Methods and analysis: A total of 106 participants will be recruited through primary and secondary care and randomised (1:1) to receive either MC+ILEX or free-weight resistance training. Both groups will complete 48 exercise sessions over 16 weeks. The primary outcome will be disability at 16 weeks, measured by the Oswestry Disability Index. Secondary outcomes include multifidus muscle composition and size, lumbar and gluteal muscle strength, hip range of motion, pain, physical and mental function, satisfaction and recovery, health-related quality of life, sleep quality and physical activity levels. Linear mixed-effects models will be used to assess primary and secondary outcomes.
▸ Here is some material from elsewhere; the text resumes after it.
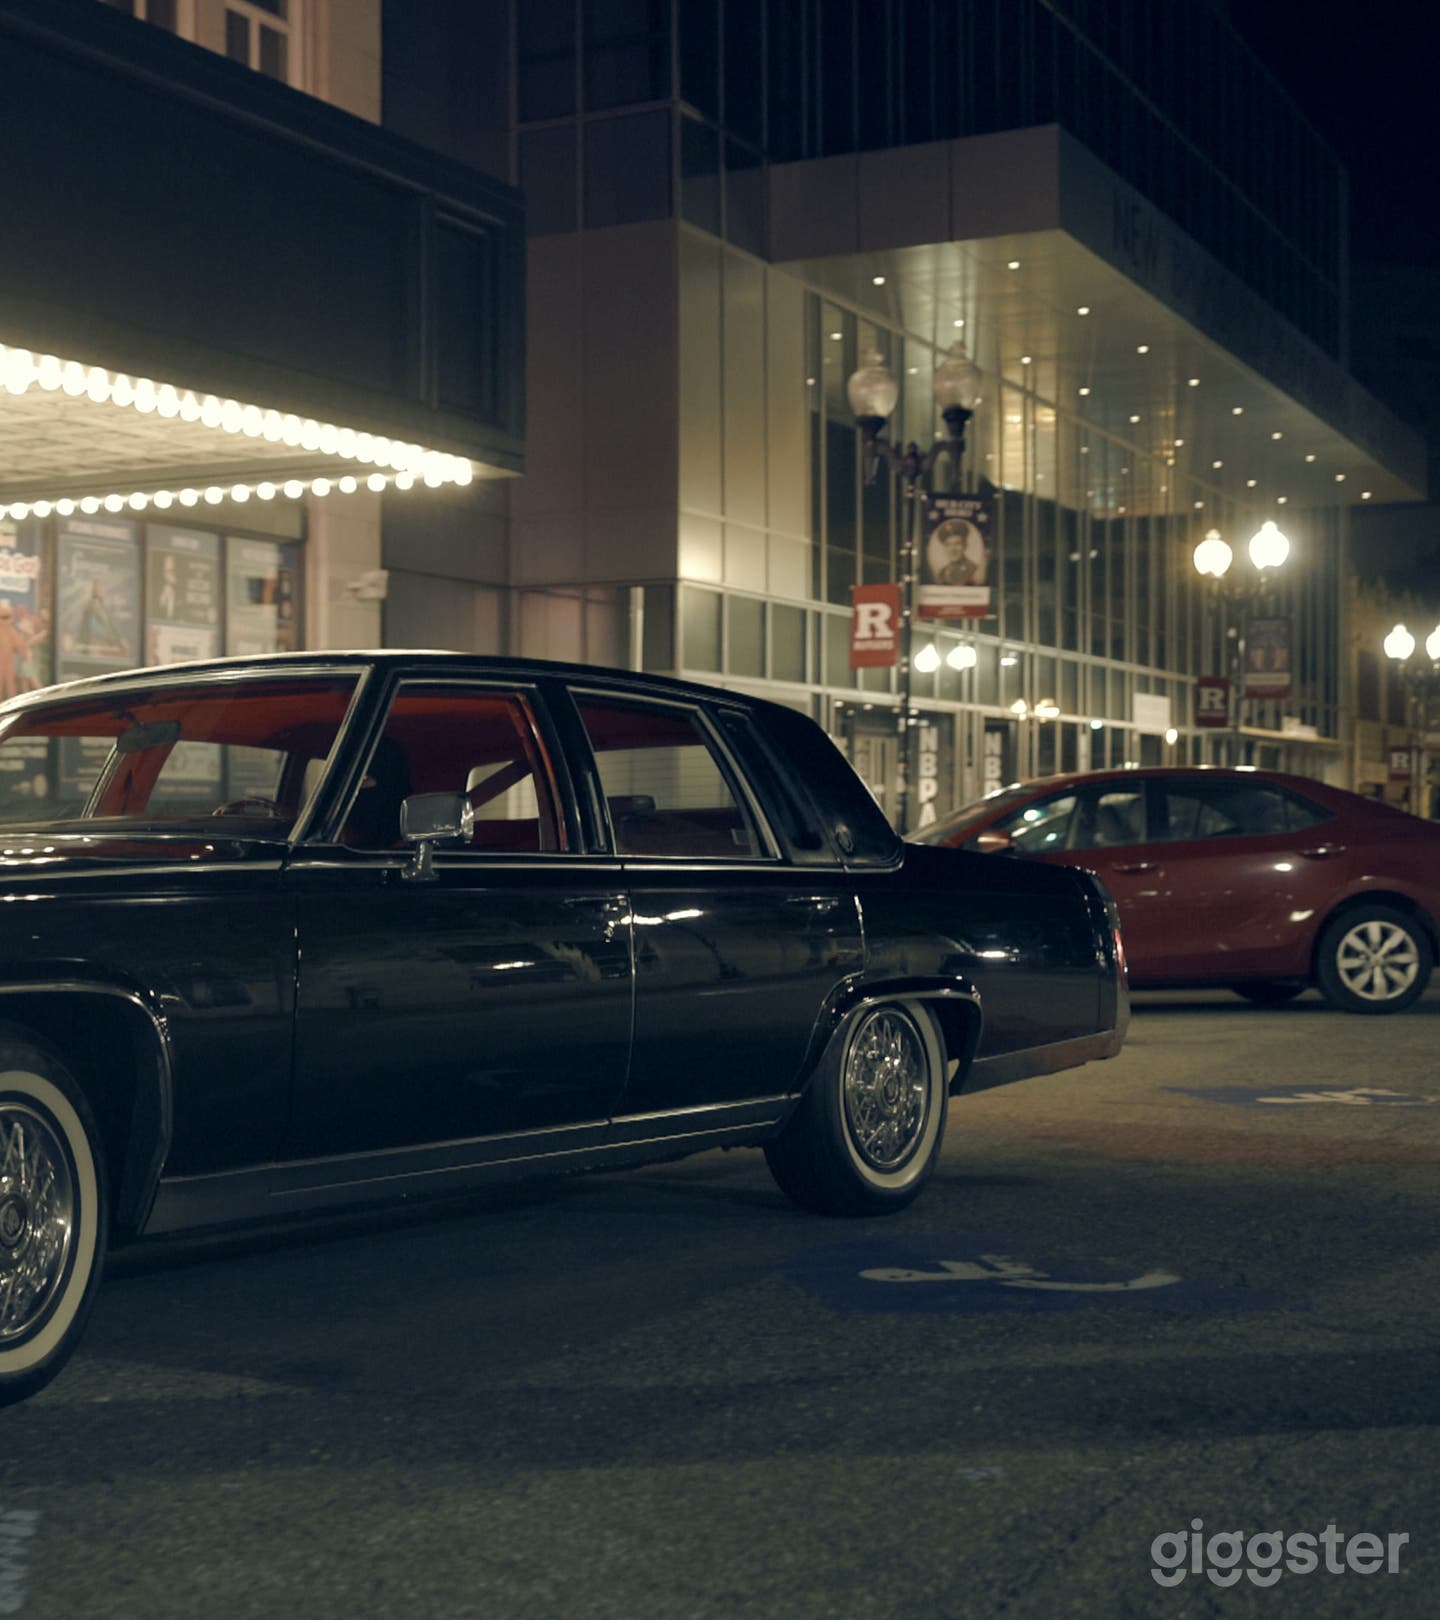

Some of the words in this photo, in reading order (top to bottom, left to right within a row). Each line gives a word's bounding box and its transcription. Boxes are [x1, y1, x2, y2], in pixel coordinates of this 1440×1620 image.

[854, 602, 895, 639] R
[1200, 687, 1226, 710] R
[1391, 751, 1409, 769] R
Regression analyses will explore whether baseline LSIQ scores moderate treatment effects on multifidus composition and other outcomes. A subsample of participants will undergo semistructured interviews before and after the intervention to explore their illness perceptions, illness mindsets, perceptions of exercise therapy, as well as their experiences and satisfaction with the two exercise interventions. Reflexive thematic analysis will be used to analyse qualitative data.

Ethics and dissemination: This study received ethics approval from the Central Ethics Research Committee of the Quebec Minister of Health and Social Services (CCER-25-26-14). Results will be submitted to peer-reviewed journals and scientific meetings.

Trial registration number: ISRCTN14864451.